以前の彼女では考えられなかった光景だった。
(よかった……。)
そう思った矢先だった。
「皆さん。」
教師が生徒たちを集める。
「休憩は以上です。」
「これより午後の競技について説明します。」
生徒たちは一斉に教師へ視線を向けた。
「午後は実践競技です。」
「学園が用意した訓練用魔法生物を相手に、皆さんの判断力や連携、対応力を評価します。」
ざわり、と会場がざわつく。
「魔法生物……。」
「本物なんだ。」
「少し怖いな……。」
一年生らしい不安の声が聞こえてくる。
教師は安心させるように続けた。
「もちろん危険はありません。」
「教員と騎士団が周囲で待機しています。」
「皆さんは落ち着いて行動してください。」
「はい!」
元気な返事が響く。
リリアーナも返事をしながら、小さく息をついた。
(実践競技……。
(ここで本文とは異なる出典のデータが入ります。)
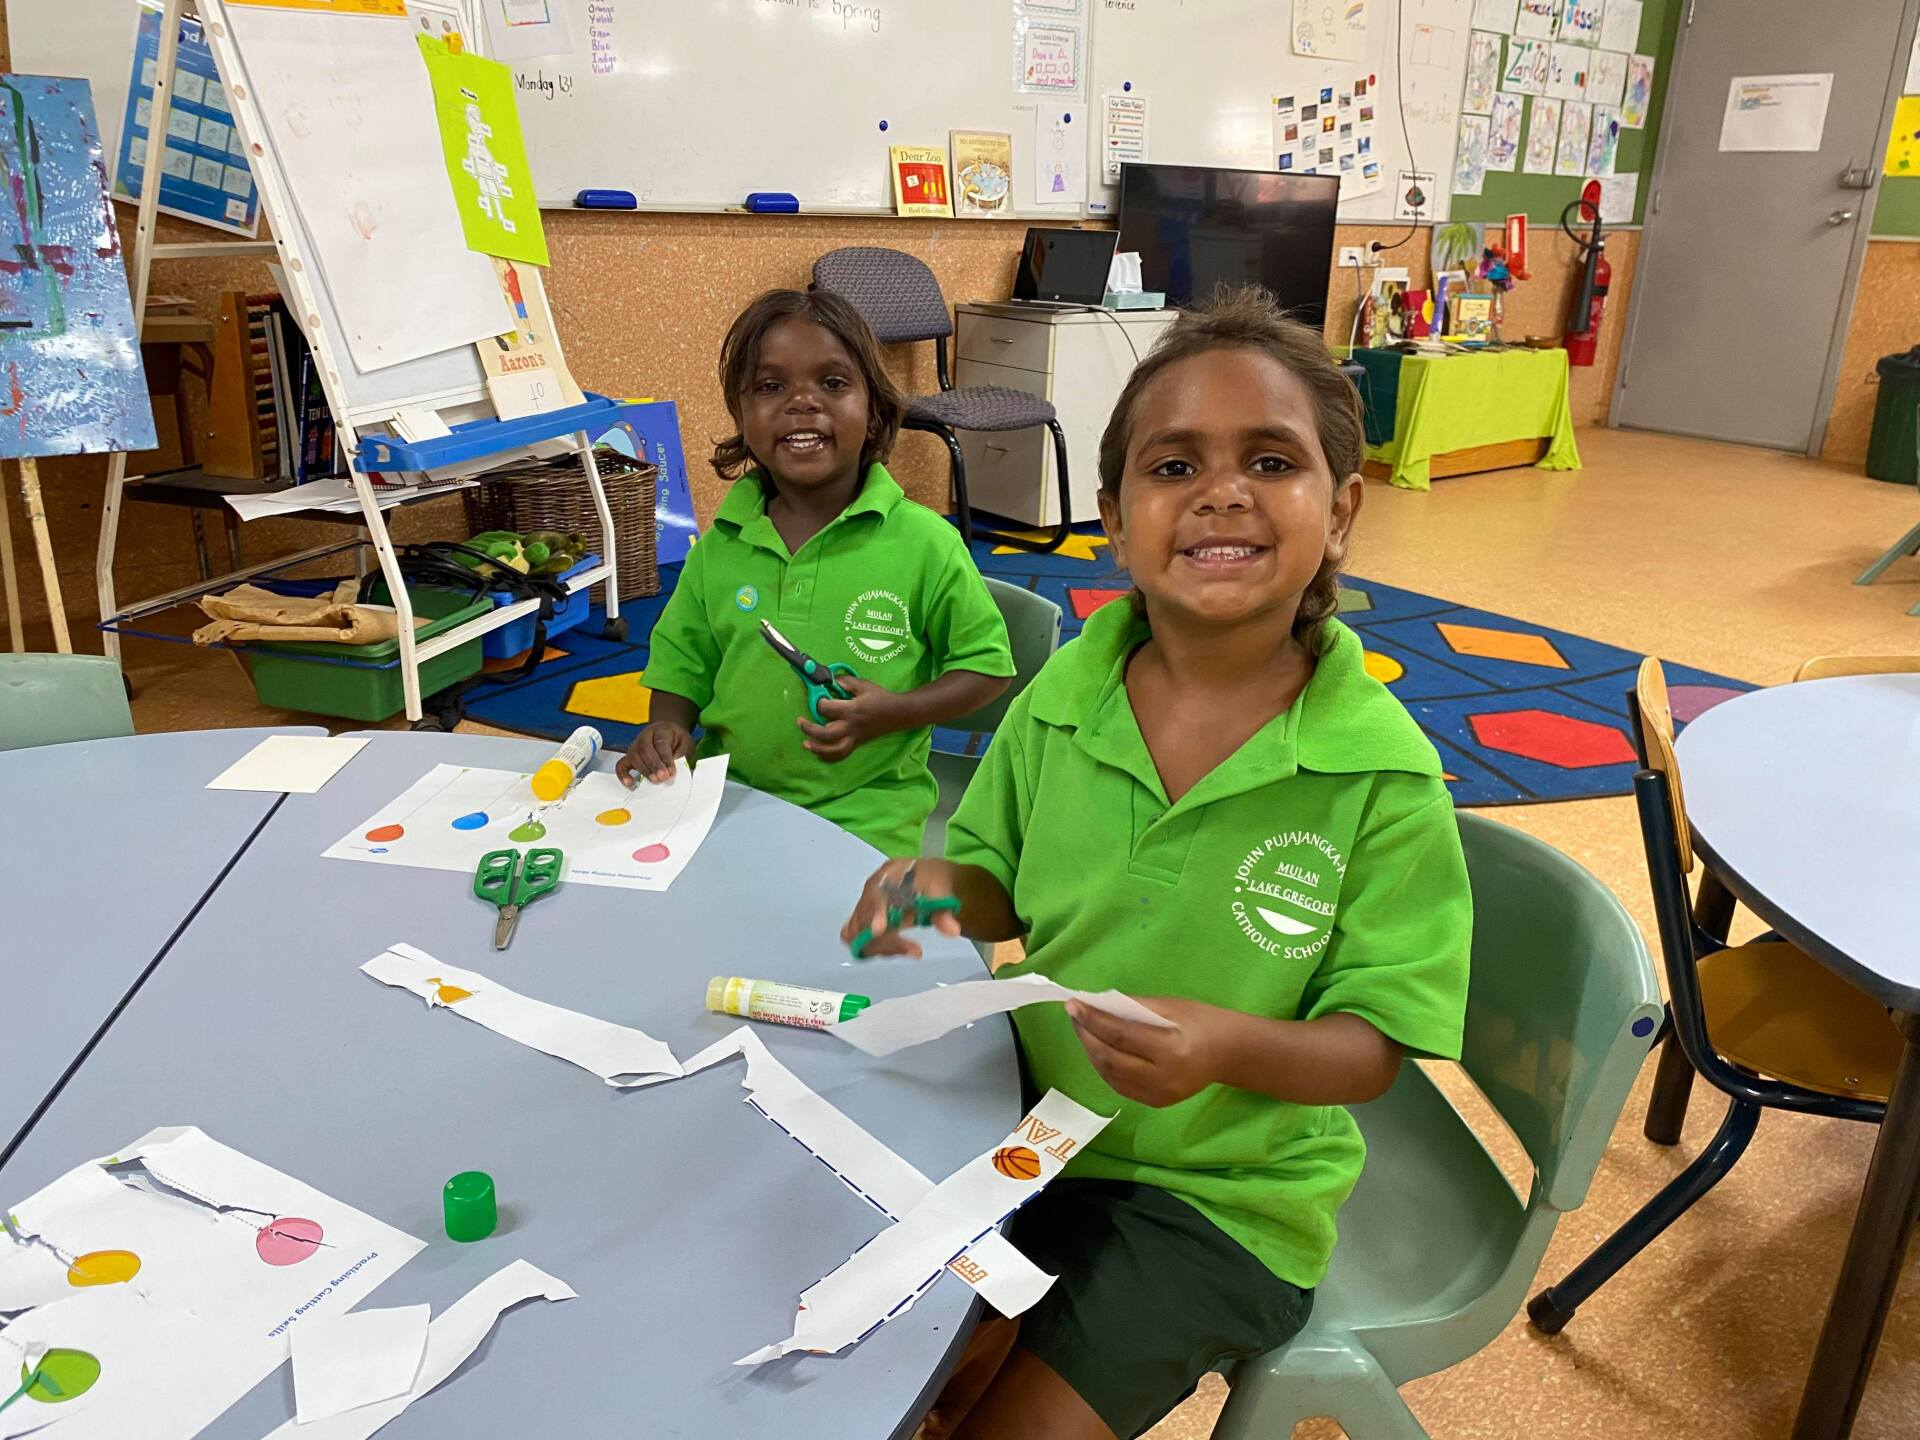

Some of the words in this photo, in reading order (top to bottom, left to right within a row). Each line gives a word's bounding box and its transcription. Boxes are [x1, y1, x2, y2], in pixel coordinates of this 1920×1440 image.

)
その言葉を聞いた瞬間だった。
胸の奥が、不意にざわつく。
(……あれ。)
視界が揺れる。
競技場。
観覧席。
生徒たちの笑顔。
どこかで見た光景。
(この景色……。)
記憶の奥底で、何かが軋む。
前世の記憶。
ゲームのイベント。
(そうだ……。)
リリアーナの表情から笑みが消えた。
(この競技の途中で……。)
脳裏へ、一つの場面が鮮明によみがえる。
大きな咆哮。
砕け散る結界。
悲鳴を上げる生徒たち。
そして――。
魔法獣。
(そうだった……。)
ゲームでは。
大会の最中、学園の結界が破られ、魔法獣が侵入する。
混乱の中、オリヴィアが逃げ遅れ――。
エリアスが彼女を助ける。
それが二人の距離を縮める、大きなきっかけだった。
(まさか……。)
リリアーナは思わずオリヴィアへ目を向ける。
何も知らないオリヴィアは、フィンと楽しそうに話している。
その笑顔を見た瞬間、胸が締め付けられた。
(まだ起こると決まったわけじゃない。)
(これまでだって、未来は変わってきた。)
(でも……。)
もし。
もし、本当に起こるのなら。
「リリアーナ?」
優しい声が聞こえた。
顔を上げると、心配そうなエリアスが立っていた。
「顔色が少し悪いけど、大丈夫?」
「あ……。」
慌てて笑顔を作る。
「大丈夫です。」
「少し考え事をしていただけですから。」
「そう?」
エリアスは納得したように頷きながらも、その瞳には心配の色が残っていた。
「無理はしないで。」
「はい。」
リリアーナは微笑んで答える。
しかし胸のざわめきは消えない。
教師の号令が響く。
「それでは実践競技を開始します。」
生徒たちが配置へ向かって歩き始めた、その時――。
ドォォォンッ!!
地面を揺らすような轟音が競技場全体へ響き渡った。
「きゃっ!」
「な、何だ!?」
会場が一気にざわめく。
教師たちの表情が変わる。
遠くの森から、黒い煙がゆっくりと立ち上っていた。
リリアーナはその光景を見つめ、息を呑む。
「そんな……。」
胸の鼓動が大きく脈打つ。
(始まってしまったの……?)
その呟きは、誰の耳にも届くことはなかった。